Print the entries in full, word for word, but not the pictures.

-- DATASET EXTRACT --
Content starts

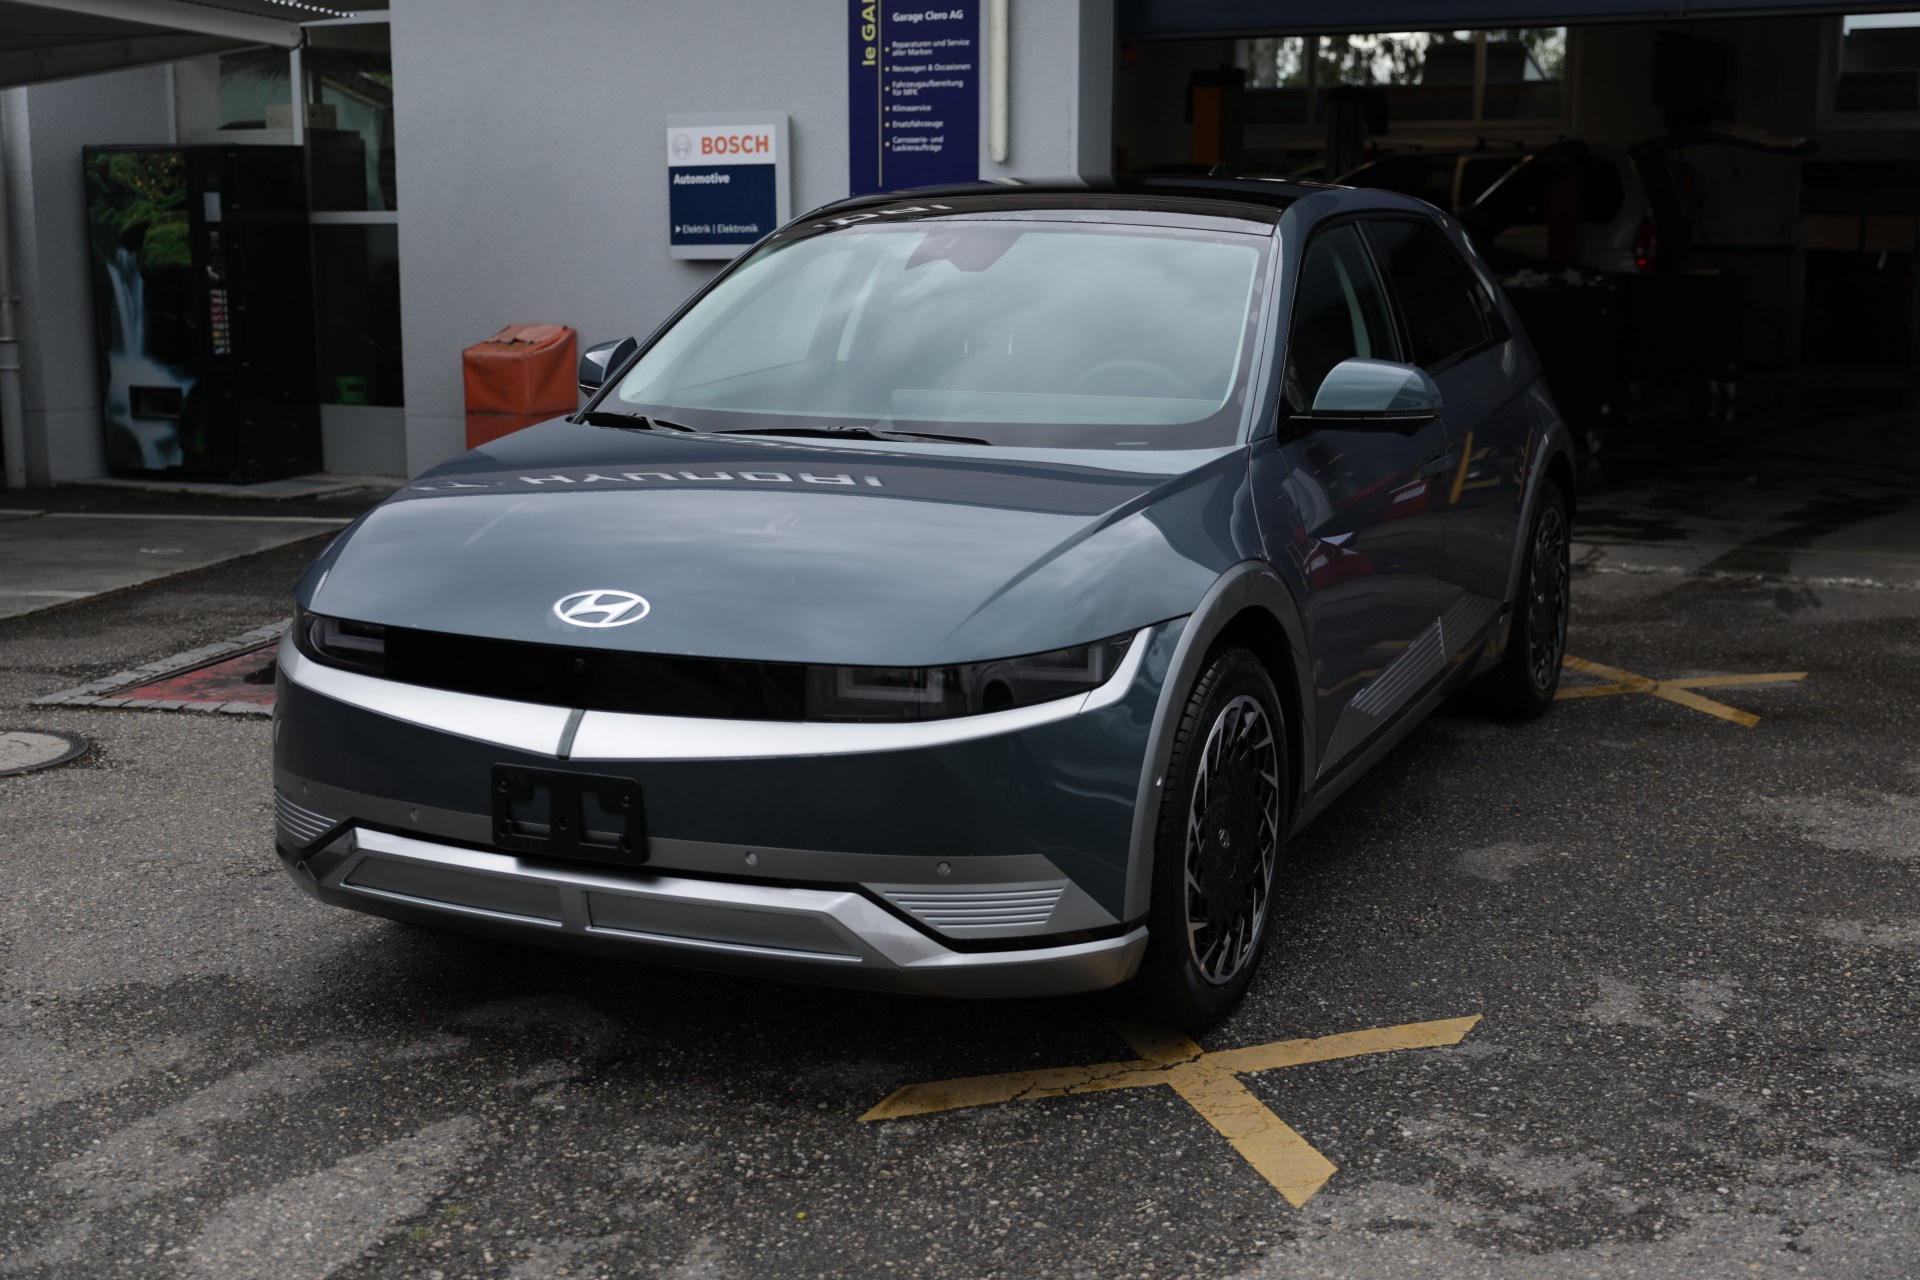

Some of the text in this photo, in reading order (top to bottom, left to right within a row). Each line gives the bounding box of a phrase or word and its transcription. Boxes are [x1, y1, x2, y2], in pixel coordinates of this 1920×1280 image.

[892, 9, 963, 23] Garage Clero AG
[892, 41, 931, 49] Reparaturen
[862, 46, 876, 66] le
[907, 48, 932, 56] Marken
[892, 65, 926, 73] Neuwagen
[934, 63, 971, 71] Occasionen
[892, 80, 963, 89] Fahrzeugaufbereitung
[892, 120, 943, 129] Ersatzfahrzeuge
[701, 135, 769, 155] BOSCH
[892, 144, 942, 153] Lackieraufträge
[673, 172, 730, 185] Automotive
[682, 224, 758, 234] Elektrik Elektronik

Content ends

-- ANSWER --
Some of the text in this photo, in reading order (top to bottom, left to right within a row). Each line gives the bounding box of a phrase or word and its transcription. Boxes are [x1, y1, x2, y2], in pixel coordinates of this 1920×1280 image.

[892, 9, 963, 23] Garage Clero AG
[892, 41, 931, 49] Reparaturen
[862, 46, 876, 66] le
[907, 48, 932, 56] Marken
[892, 65, 926, 73] Neuwagen
[934, 63, 971, 71] Occasionen
[892, 80, 963, 89] Fahrzeugaufbereitung
[892, 120, 943, 129] Ersatzfahrzeuge
[701, 135, 769, 155] BOSCH
[892, 144, 942, 153] Lackieraufträge
[673, 172, 730, 185] Automotive
[682, 224, 758, 234] Elektrik Elektronik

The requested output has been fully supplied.